Reversed-Phase High-Performance Liquid Chromatographic Separation of Wheat Proteinaceous Inhibitors of Insect and Mammalian Alpha-Amylases.

G.-H. Feng, M. Chen, K. J. Kramer, and G. R. Reeck. Copyright 1991 by the American Association of Cereal Chemists, Inc. 

A heat-treated 0.15M NaCl extract of wheat flour was separated into four proteinaceous fractions by ammonium sulfate precipitation. Each fraction had a distinct composition of polypeptides with apparent molecular mass of approximately 14 kDa and a distinct inhibitory spectrum of activity against human, porcine, and insect (confused flour beetle and rice weevil) alpha-amylases. More than 10 peaks in each fraction were resolved by reversed-phase high-performance liquid chromatograph (RP-HPLC) with mixtures of acetonitrile and H2O as the mobile phase. RP-HPLC separations revealed more heterogeneity in wheat alpha-amylase inhibitors than was apparent from either nondenaturing or denaturing sodium dodecyl sulfate gel electrophoresis.

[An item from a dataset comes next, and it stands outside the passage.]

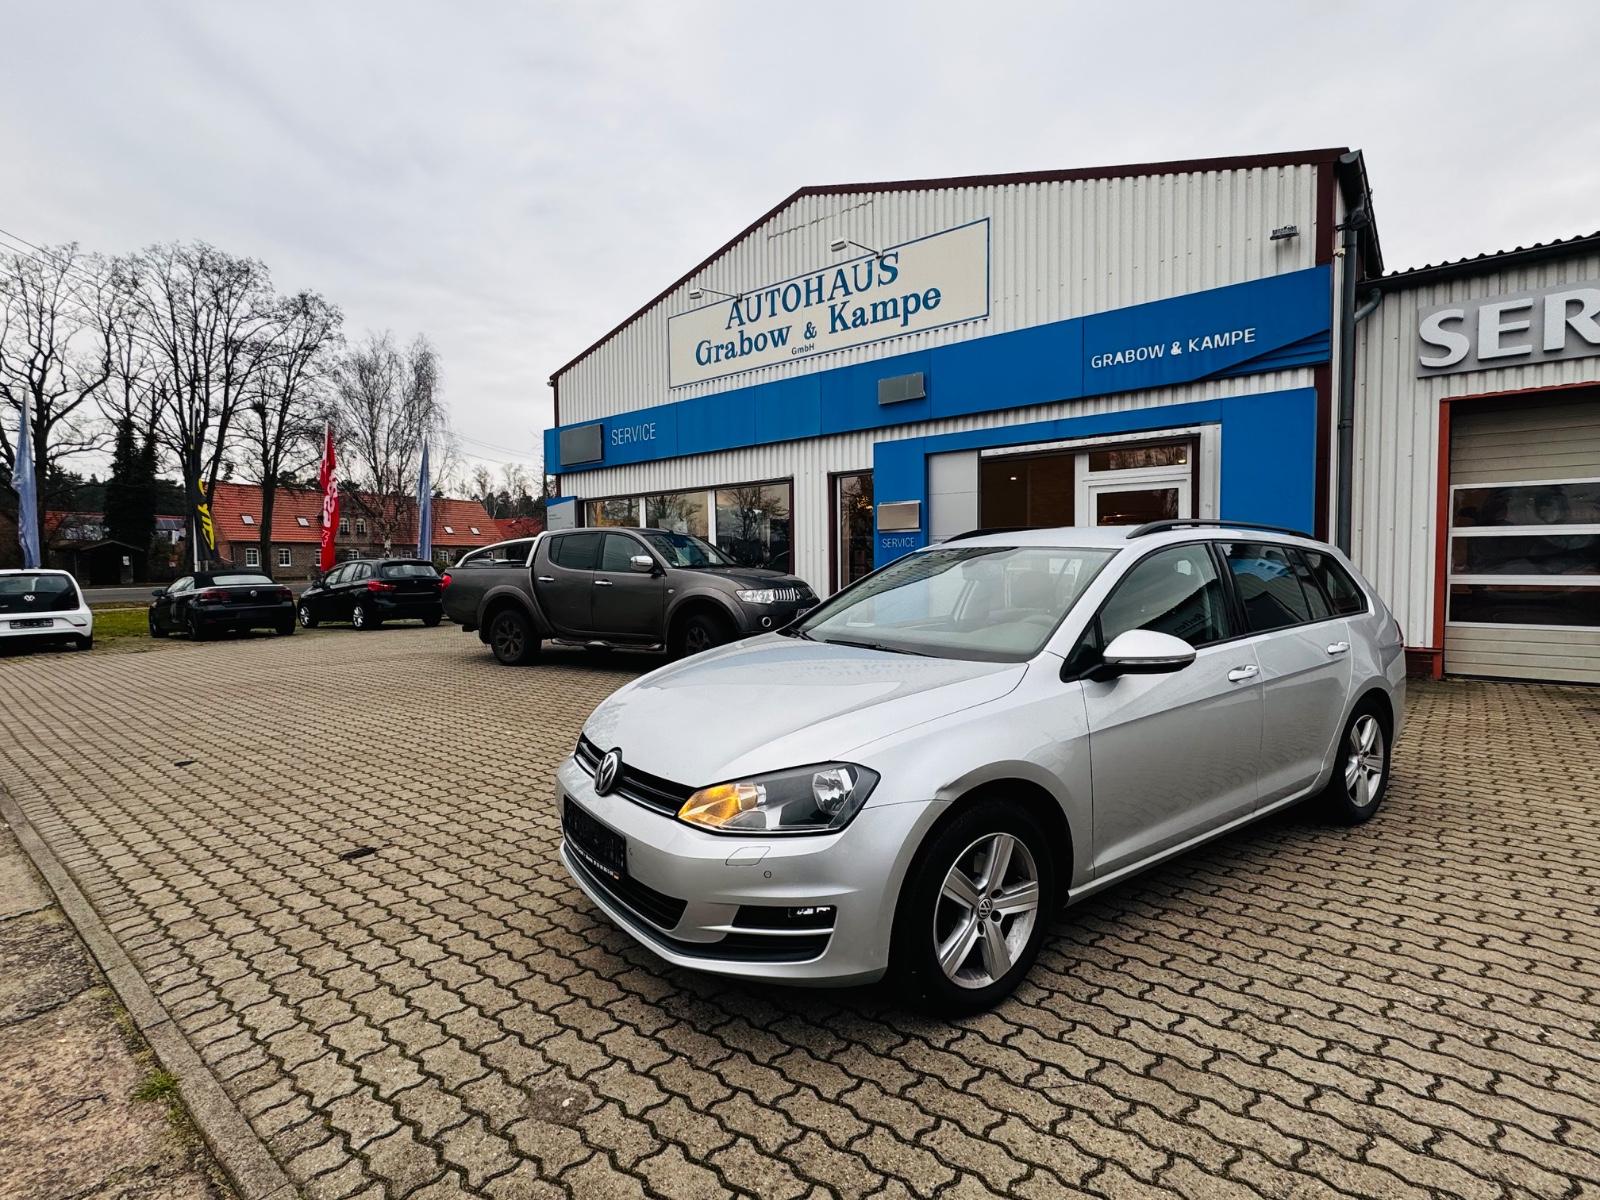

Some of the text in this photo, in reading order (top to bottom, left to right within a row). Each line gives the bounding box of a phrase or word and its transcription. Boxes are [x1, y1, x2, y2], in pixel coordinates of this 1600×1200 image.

RP-HPLC fractions were characterized further by polyacrylamide gel electrophoresis and by assaying inhibitory activity against the four different alpha-amylases. At least five different HPLC fractions were found to be selective inhibitors of insect alpha-amylases, some of which belong to the 0.28 family of inhibitors. Combining certain RP-HPLC fractions resulted in dramatic increases in inhibitory activity. These results suggest that RP-HPLC resolves the oligomeric inhibitors into their monomeric forms and that both the activity and selectivity of the inhibitors can be influenced by recombination of individual polypeptides.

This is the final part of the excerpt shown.